The psychiatrist: Reefer madness

Halfway down south London's Landor Road - notorious in recent years for teen shootings and police raids - sits Lambeth Hospital. Dr Zerrin Atakan worked as a consultant psychiatrist at the intensive care unit here for 13 years.

Throughout the Eighties and Nineties patients came and went and came again through Lambeth Hospital's mental health wards. To end up in Atakan's intensive care ward they would be in an extreme state, and were often violent. Atakan began to observe that most of them smoked cannabis.

Psychiatric intensive care wards are locked wards but, if a patient's mental state has stabilised, after a few weeks they are allowed out to shop for a newspaper, to see how things are going.

'Some would celebrate their freedom with a joint,' Atakan recalled, 'and psychologically they'd be straight back to square one.

'It became such a regular situation that we'd guess it straight away, and then it would be confirmed by urine analysis.

'What we know for a fact from epidemiological studies is that if you smoke long enough and strong enough, there is an increased risk of psychotic outcomes,' says Atakan.

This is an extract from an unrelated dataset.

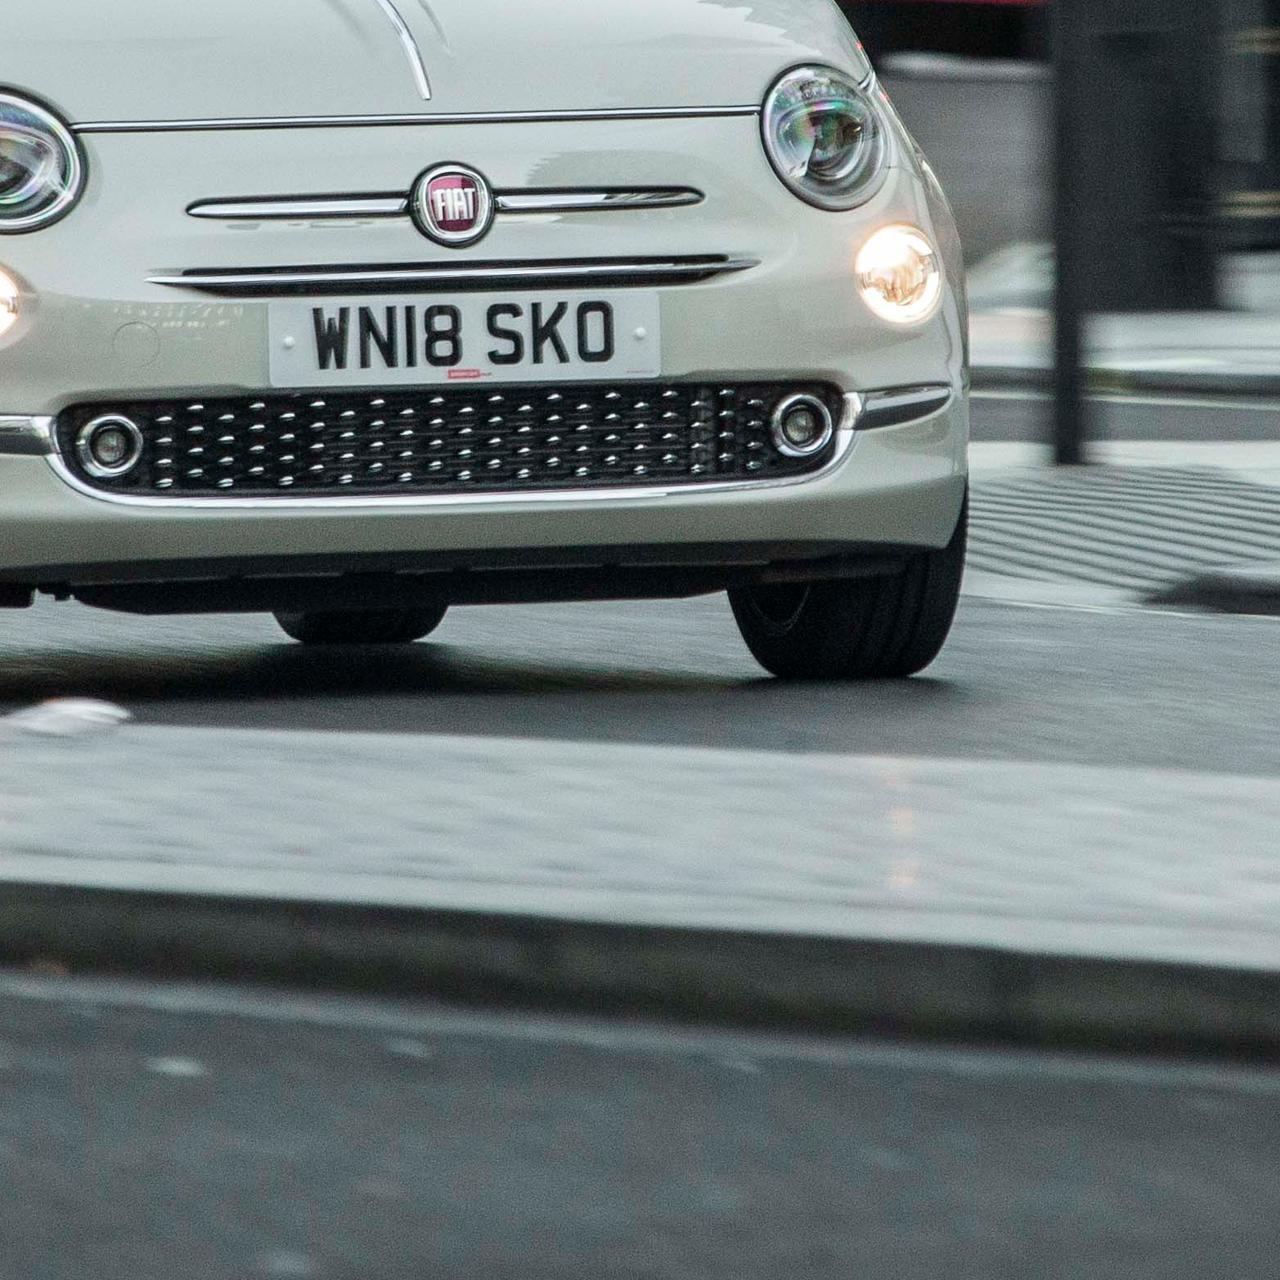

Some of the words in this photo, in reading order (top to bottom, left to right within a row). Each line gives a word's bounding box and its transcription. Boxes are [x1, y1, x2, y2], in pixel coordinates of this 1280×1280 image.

[433, 187, 476, 221] FIAT
[312, 304, 463, 370] WN18
[486, 300, 615, 365] SKO

Two in every 100 frequent cannabis users will suffer schizophrenia.

'We also now know that if you happen to have psychosis and carry on smoking, your progress outcomes are worsened.

'But to be convinced that there is a direct link we have to have biological evidence.'

To her amazement Atakan found that there were hardly any studies about the links between psychosis and cannabis use. It took her and collaborator Professor Philip McGuire 15 years to get funding and cut through the red tape to run a study. 'It wasn't considered a sexy drug,' she recalls, 'and medics can't buy drugs on street corners.' But finally, using an oral cannabis medication from a government pharmacy, they are beginning to get answers.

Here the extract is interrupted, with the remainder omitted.